<<<<

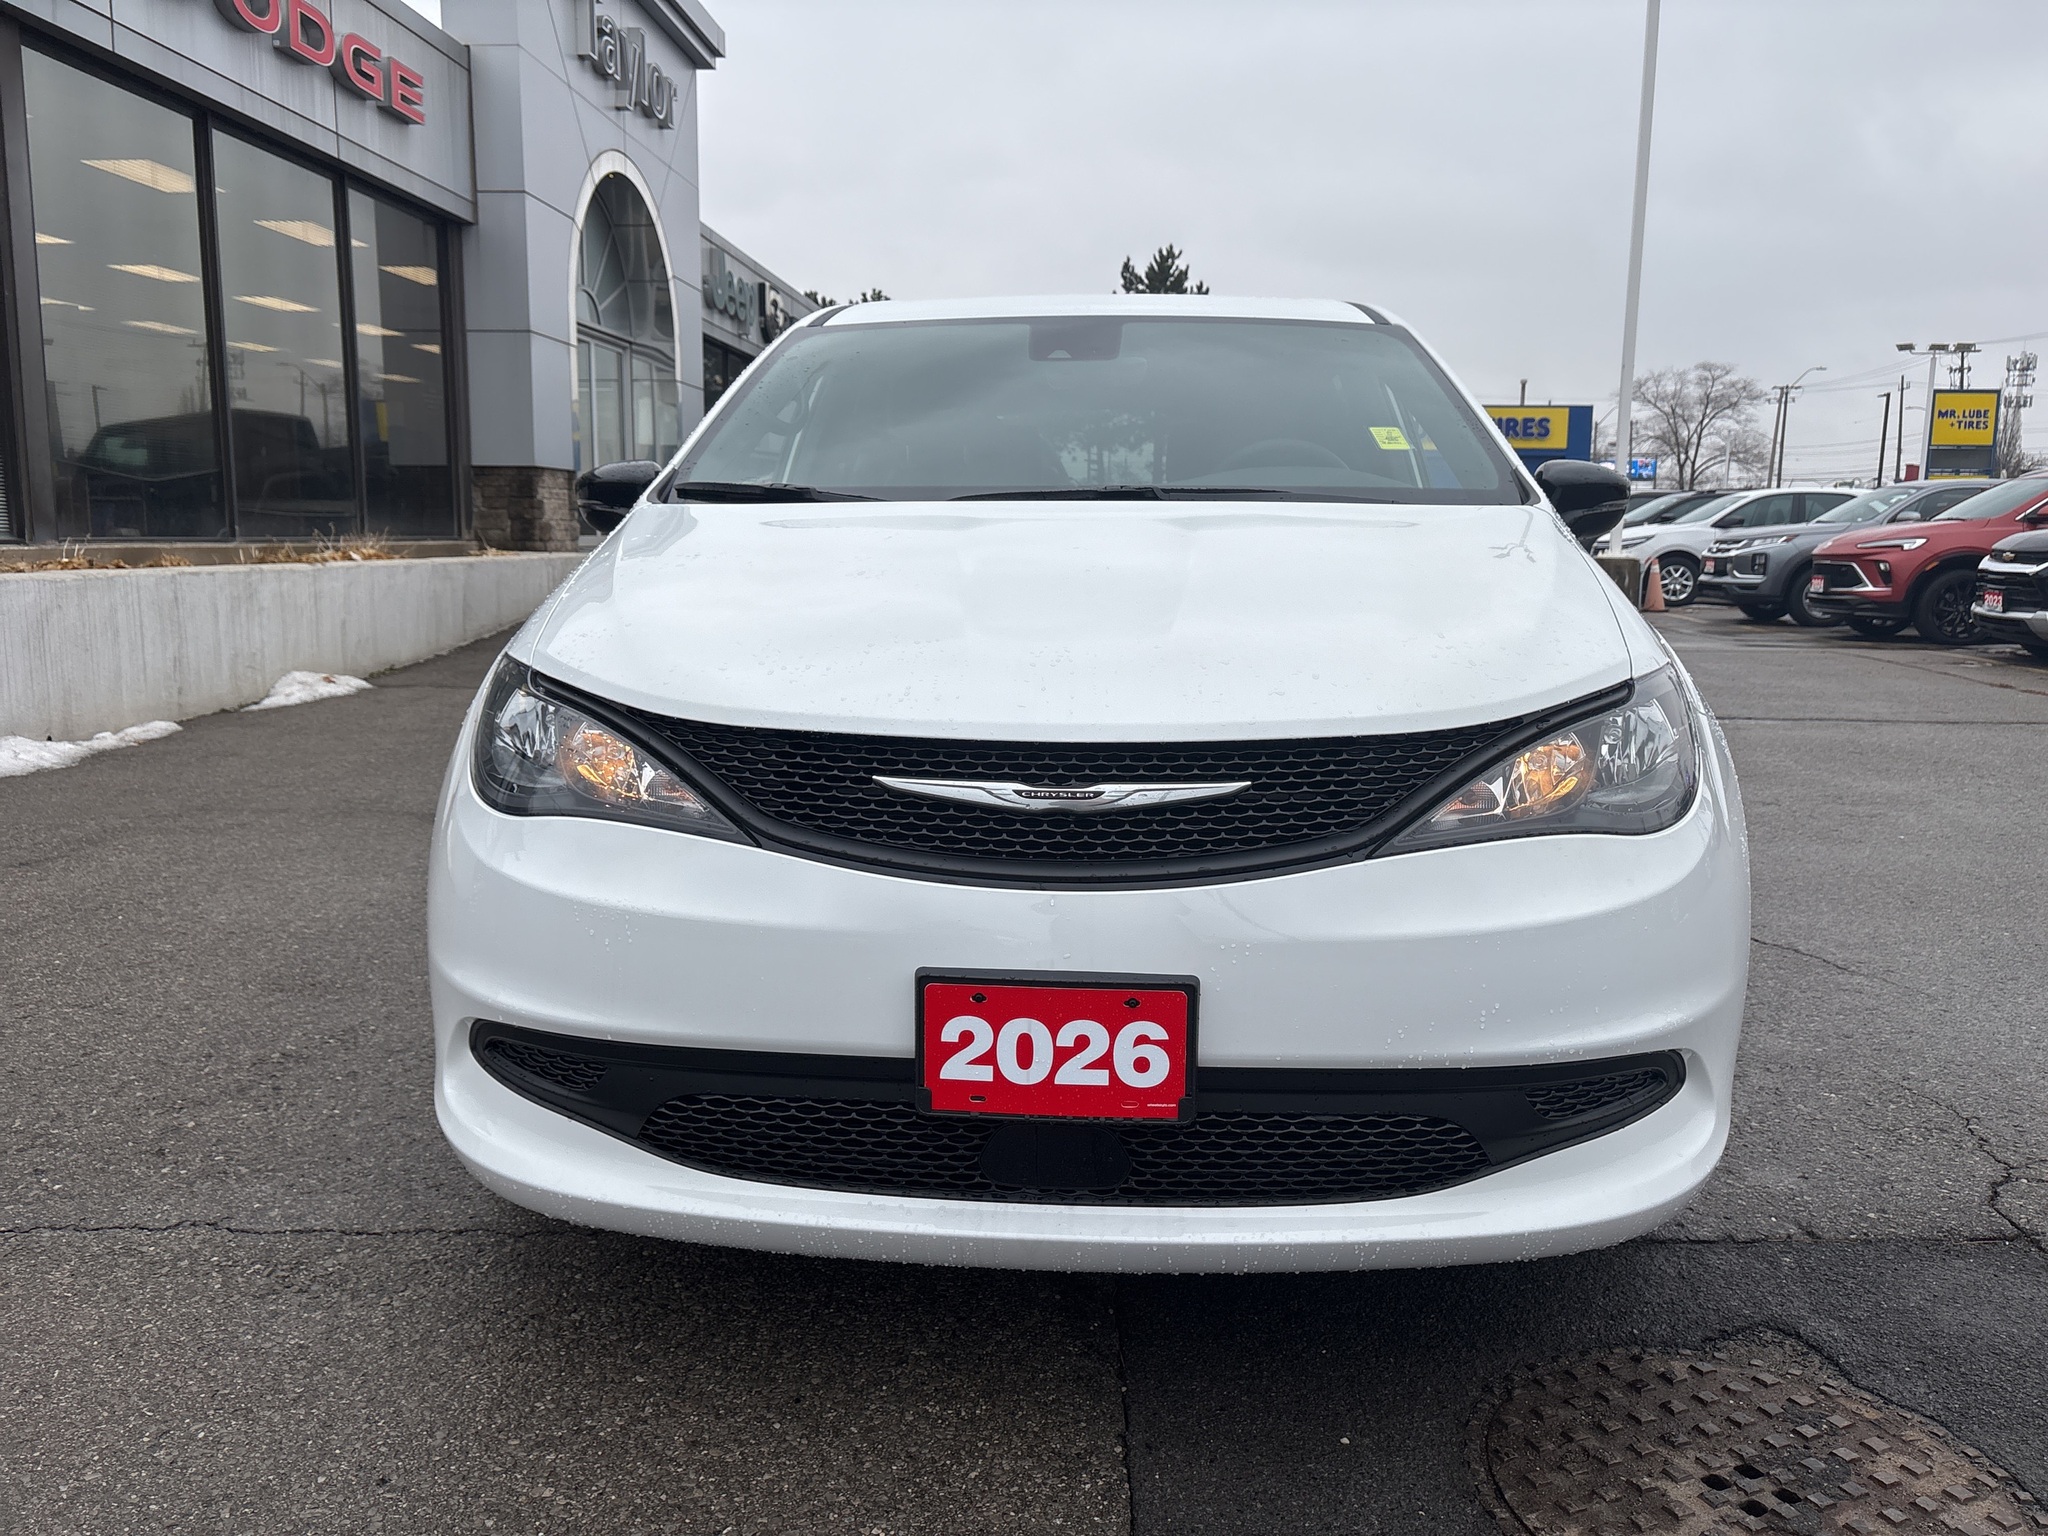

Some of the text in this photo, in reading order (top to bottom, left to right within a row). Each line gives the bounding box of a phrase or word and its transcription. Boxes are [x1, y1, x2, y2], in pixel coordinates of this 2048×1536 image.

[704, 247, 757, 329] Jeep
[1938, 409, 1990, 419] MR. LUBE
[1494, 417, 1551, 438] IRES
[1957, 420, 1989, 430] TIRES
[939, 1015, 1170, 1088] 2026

>>>>

• WHAT IS NEEDED: Each record should be printed exactly as it appears, leaving the pictures out.

• ANSWER SECTION:
Some of the text in this photo, in reading order (top to bottom, left to right within a row). Each line gives the bounding box of a phrase or word and its transcription. Boxes are [x1, y1, x2, y2], in pixel coordinates of this 2048×1536 image.

[704, 247, 757, 329] Jeep
[1938, 409, 1990, 419] MR. LUBE
[1494, 417, 1551, 438] IRES
[1957, 420, 1989, 430] TIRES
[939, 1015, 1170, 1088] 2026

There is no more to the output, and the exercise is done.